Studies show that more than 70% of dog owners would willingly “put themselves in harm’s way” to save their dog– an unsurprising statistic, considering about three quarters of the American population considers their dog a member of the family. 

Frigid and icy waters are especially dangerous in the winter months, when lakes, ponds, and pools freeze over. The water’s temperatures drop extremely low to dangerous levels. Unfortunately, too many accidents have occurred involving dogs falling into these frigid waters, whether in the wilderness, or even at home. 

Some dog owners have even gone so far as to jump into a frozen pool of water to save their dog’s life— of which some feats have been successful, and others have not. The dangers of committing such a brave act, however, far outweigh the successes. 

If your dog falls into freezing waters, although it’s tempting, jumping in to save them is NOT your best immediate course of action. By following your dog into icy waters, you are endangering yourself, your dog, and anyone else who tries to help you. Instead, prepare yourself accordingly to avoid something like this from happening, and educate yourself on what to do if it does happen. We’ve compiled a basic guide below for how to prevent this situation, and what to do if it happens. 


If your dog does fall into icy waters, don’t panic. Reminder: jumping in after your dog should never be the first course of action. You will endanger yourself, your dog, and others. Instead, here are a few things you can do to ensure your own safety, and promote the best outcome for your dog. 

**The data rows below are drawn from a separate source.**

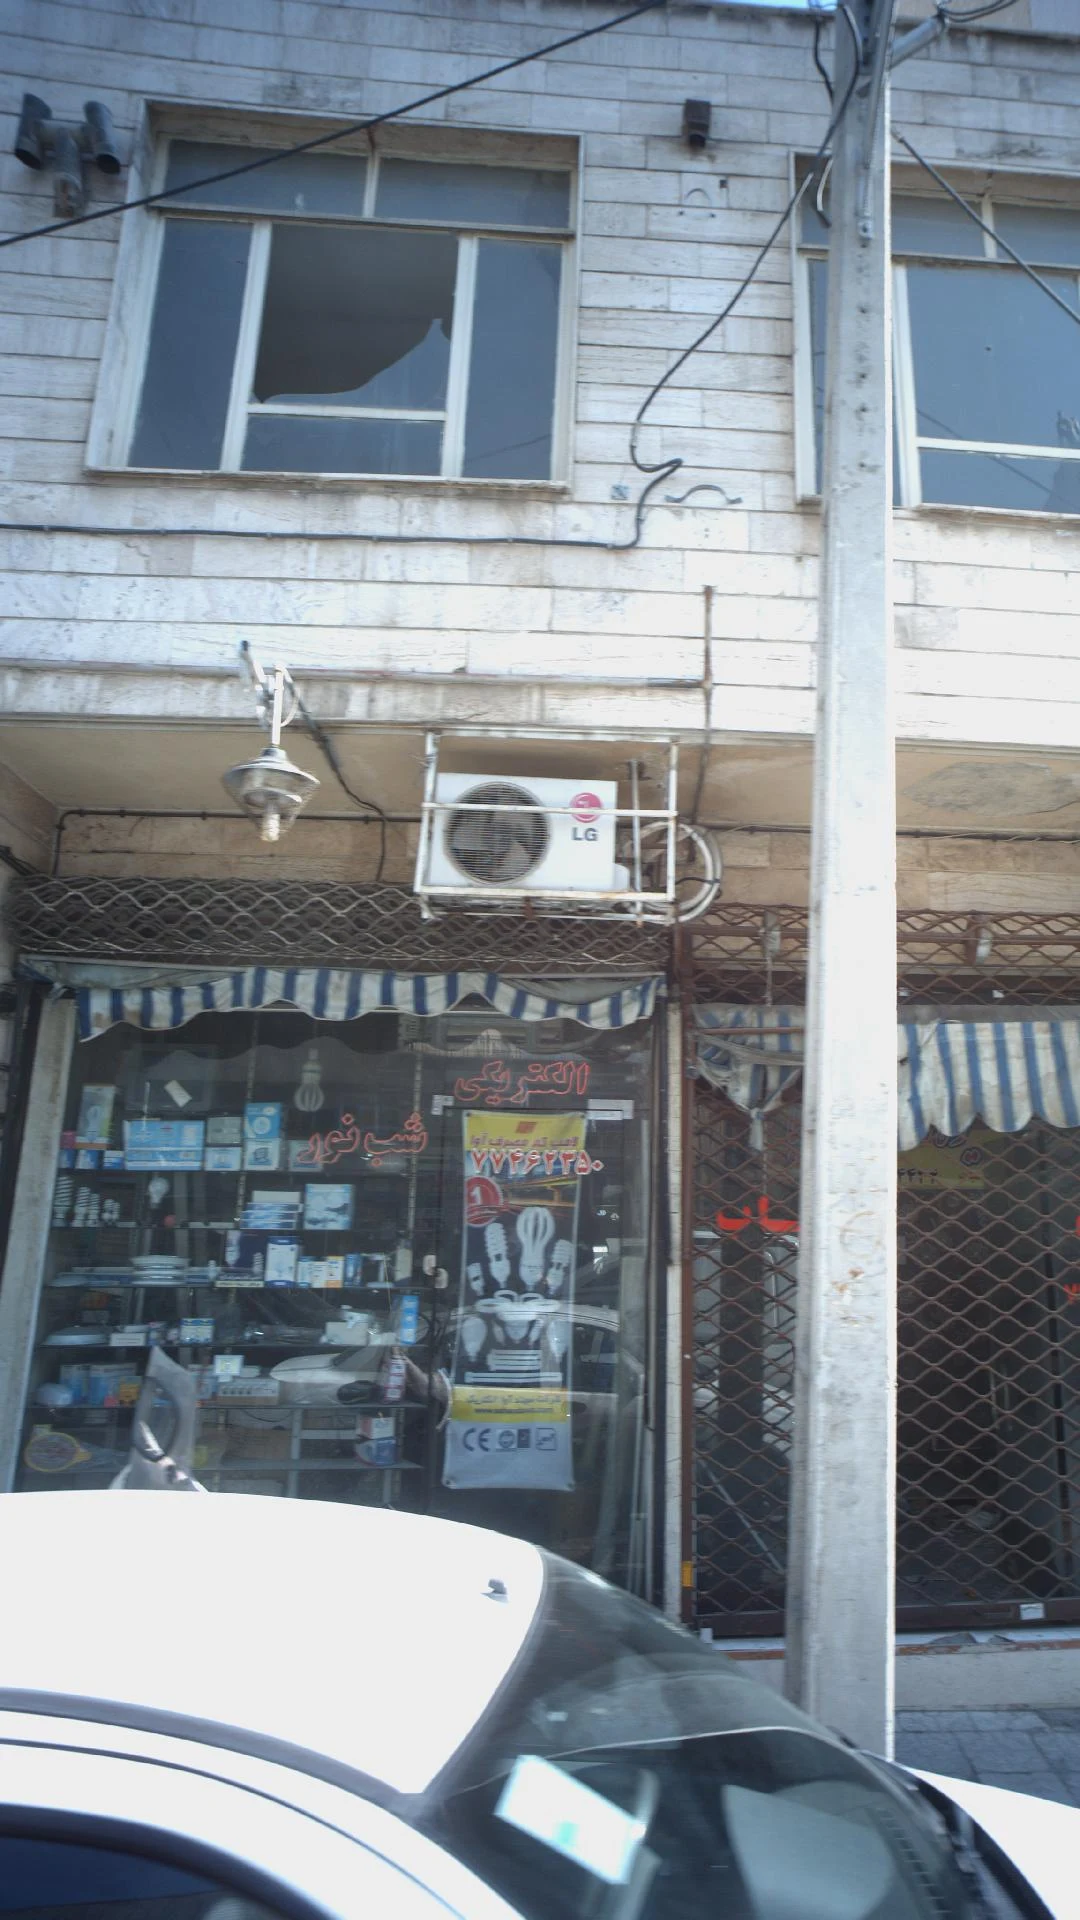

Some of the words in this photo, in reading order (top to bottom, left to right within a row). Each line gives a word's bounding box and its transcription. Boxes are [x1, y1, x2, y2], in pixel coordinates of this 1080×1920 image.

[572, 826, 599, 841] LG
[454, 1060, 591, 1104] الکتریکی
[363, 1112, 428, 1167] شب
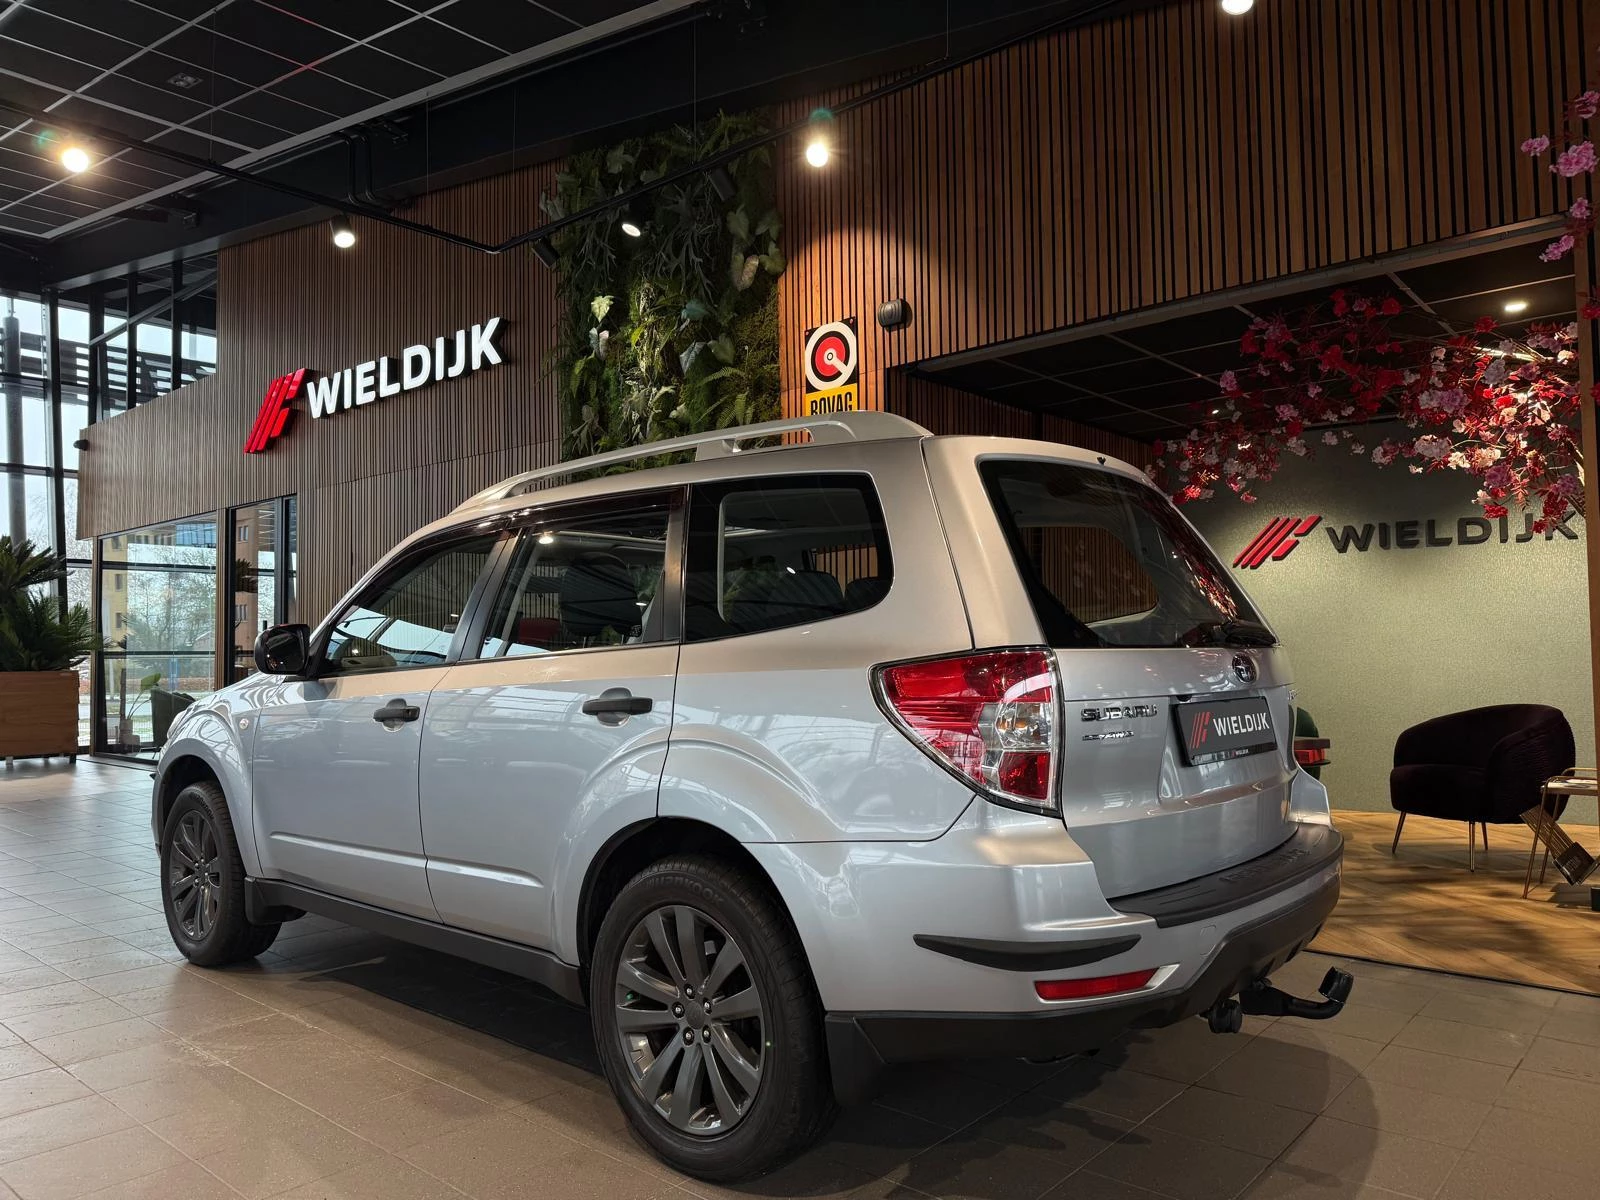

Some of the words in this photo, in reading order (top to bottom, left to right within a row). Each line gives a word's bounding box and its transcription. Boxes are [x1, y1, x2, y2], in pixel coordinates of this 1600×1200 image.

[306, 317, 502, 419] WIELDIJK
[810, 392, 852, 416] BOVAG
[1325, 510, 1579, 554] WIELDIJK
[1081, 705, 1158, 721] SUBARU
[1213, 712, 1270, 737] WIELDIJK
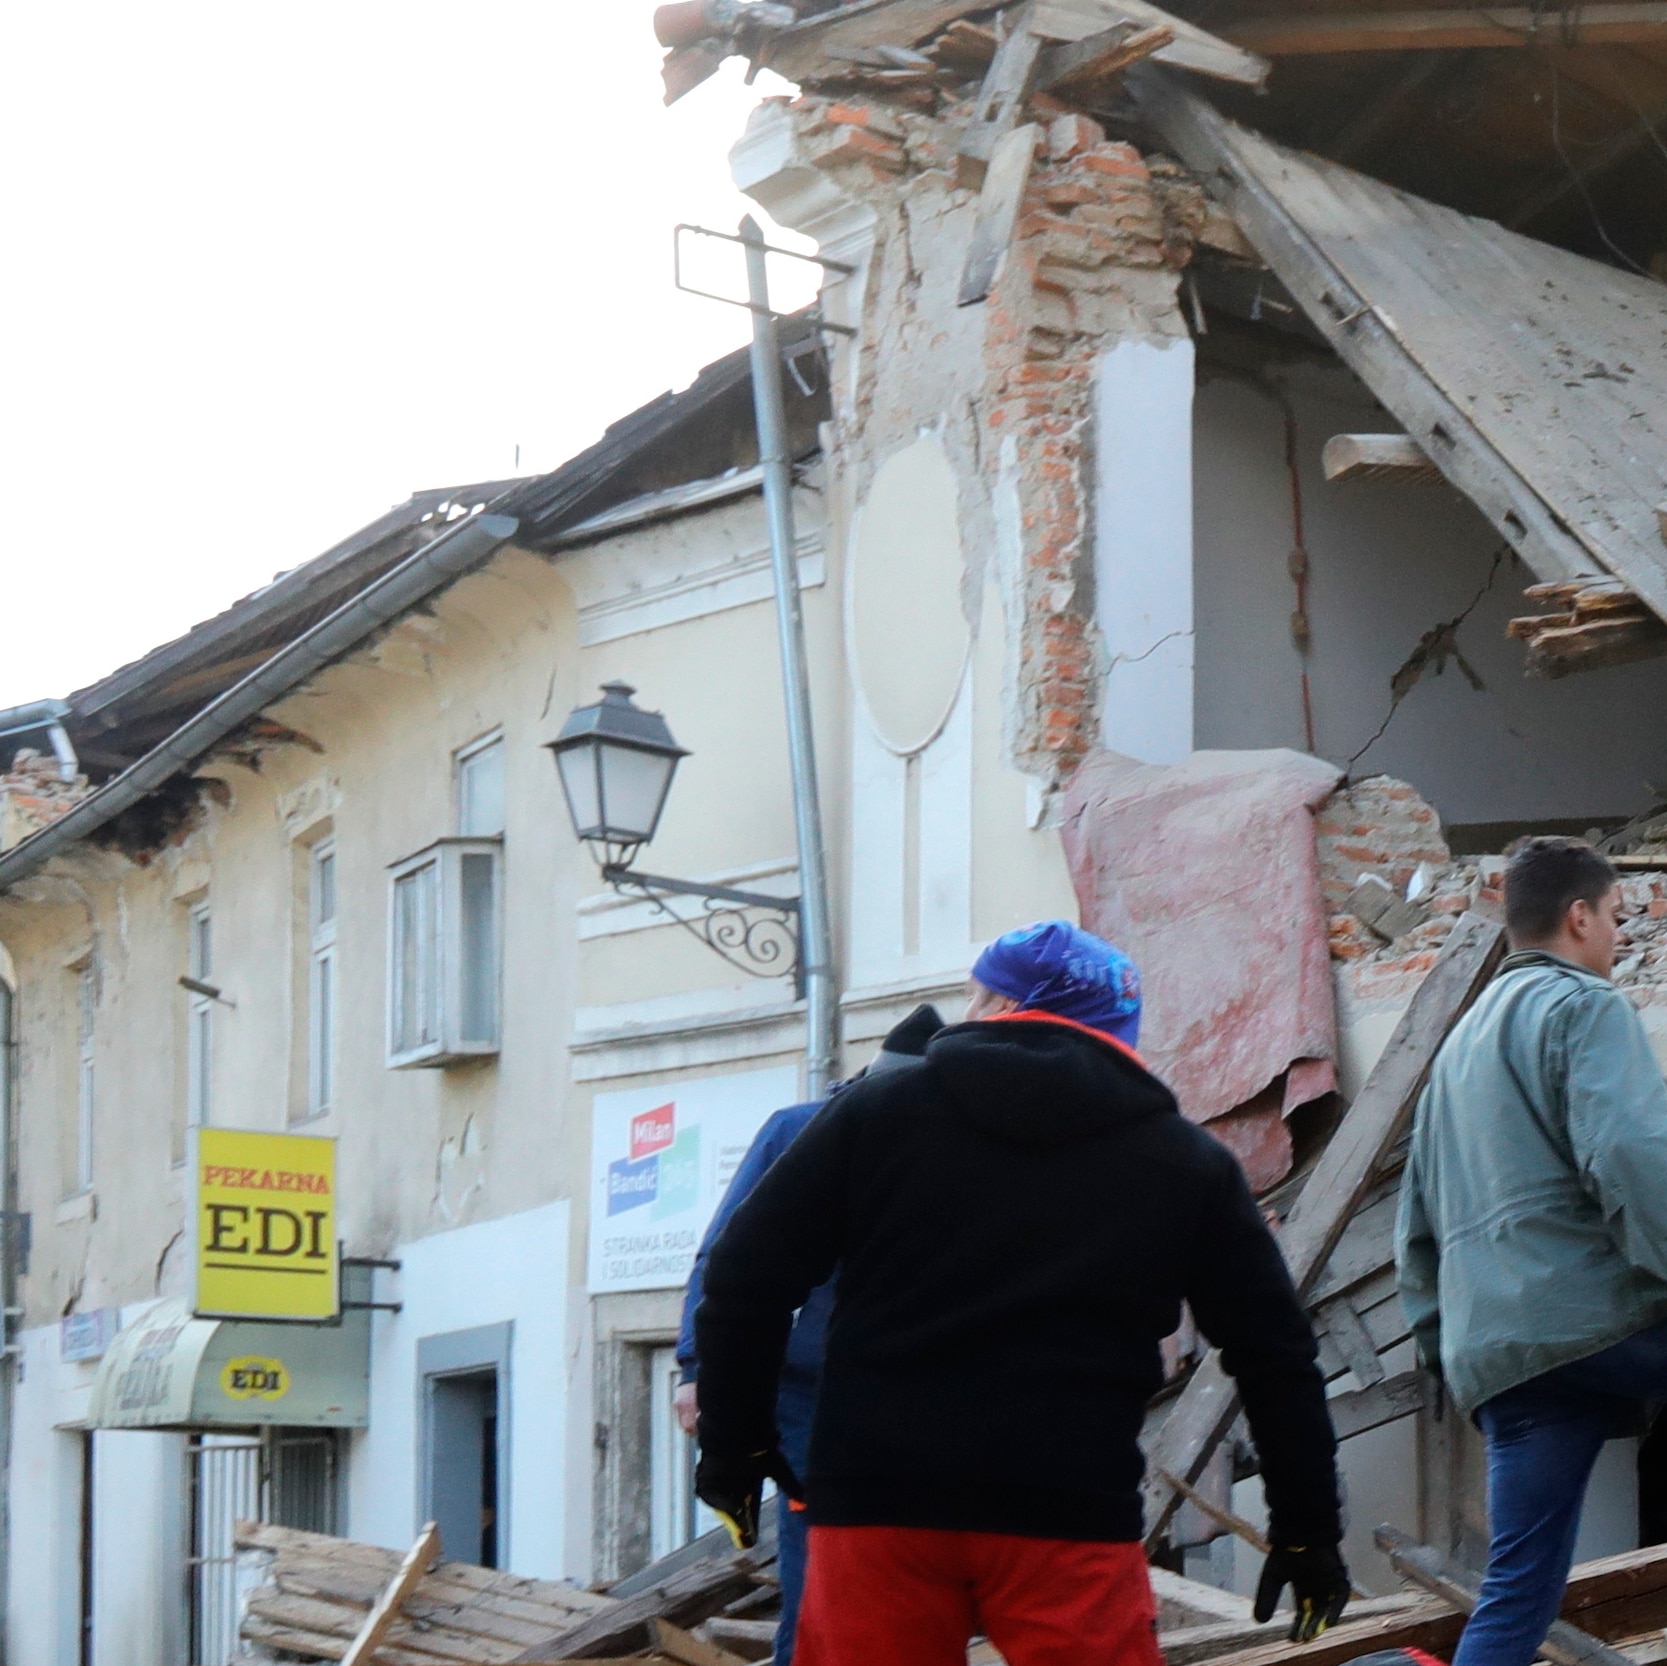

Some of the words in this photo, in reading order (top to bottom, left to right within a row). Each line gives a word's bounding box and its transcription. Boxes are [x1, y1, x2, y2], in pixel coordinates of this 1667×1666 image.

[634, 1120, 672, 1144] Milan
[204, 1165, 330, 1194] PEKARNA
[205, 1203, 327, 1259] EDI
[611, 1252, 694, 1280] SOLIDARNOST
[230, 1368, 281, 1390] EDI

  1. Keep your dog on a leash near frozen ponds, pools, or frigid waters. If you’re anywhere near an icy pool of water, don’t be overconfident in your dog’s personal safety precautions– instead, take precautions yourself, and don’t let your dog near water unleashed. 
  2. Dogs don’t instinctively know when ice is thick or safe enough to walk on, so don’t blindly trust their judgement. Keep a close eye on them and don’t let them wander near any pools of water without supervision. If you’re not 100% confident that ice is thick enough for a car to drive across, don’t let your dog (or yourself) on it. 
  3. Invest in a Throwraft: This nifty tool is great to have on hand, and to take with you whenever you’re venturing out into the wilderness in the cold. Throwraft is an inflatable safety device designed to save lives. They come in many different designs, each suited to particular needs. 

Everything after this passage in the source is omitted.